Here’s to the challengers, the question-askers, the dissenters, those brave enough to use their voices — no matter the consequences. We need you. Keep going!
And scene…
You are an inspiration Jennifer Sey! Like you, my husband and I publicly fought the woke illiberal orthodoxy being shoved down children’s throats at our fancy SF private school. We were vilified, shunned and ended up moving our family of 6 to OC. So many silver linings in a difficult year (my husband and I are better than ever) and together we are fighting for kids, truth and freedom. Keep up the great work and can’t wait to see what is to come from you in 2023!

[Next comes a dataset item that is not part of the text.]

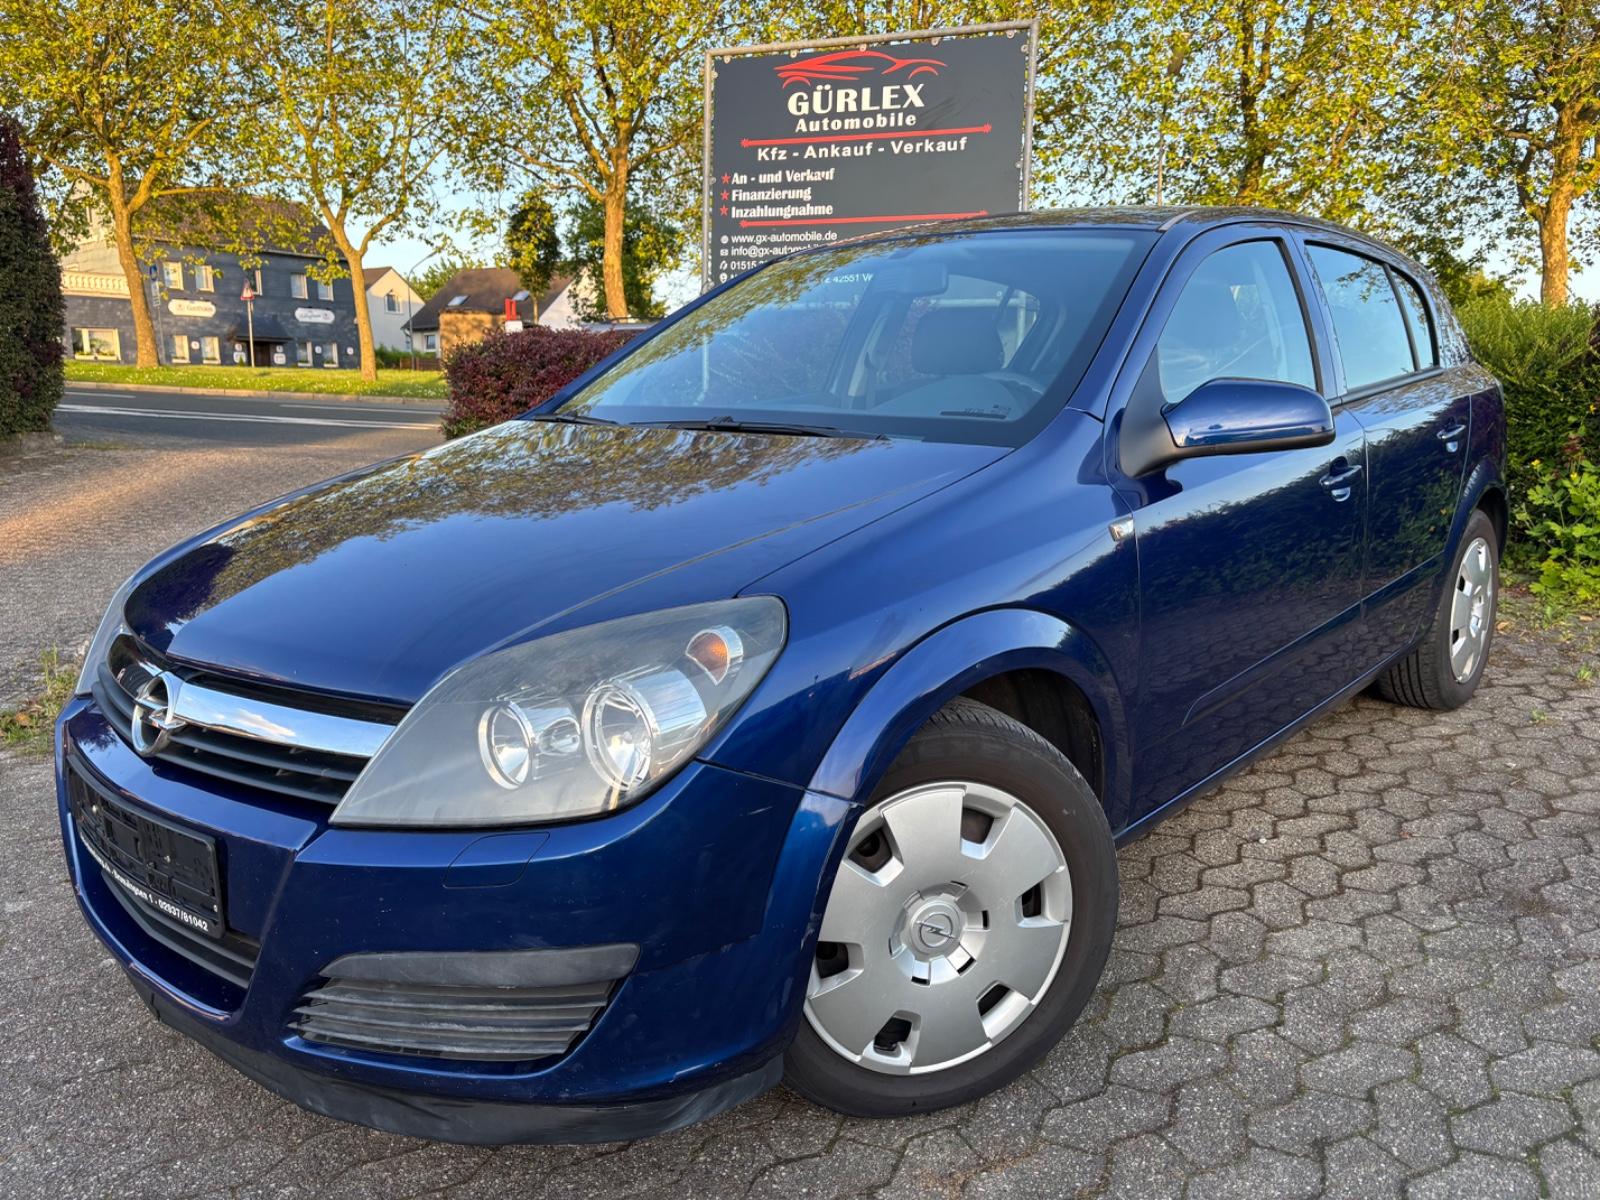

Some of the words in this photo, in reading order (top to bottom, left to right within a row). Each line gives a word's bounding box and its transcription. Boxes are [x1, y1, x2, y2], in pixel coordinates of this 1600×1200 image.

"I’ve not much interest in anyone who accepted lockdowns and school closures, vaccine mandates and the shunning of the unvaccinated. Or didn’t accept it, but stayed quiet in the face of it. These conformists agreed to too much harm to others while cocooned in the safety of their privileged existences. They chose the safety of the group over challenging lies and the curtailment of basic civil rights." That was a bittersweet passage. It has been difficult for me to fully move beyond the cowards in my life in 2022. Hope to be free of them, or hear an apology from them in 2023.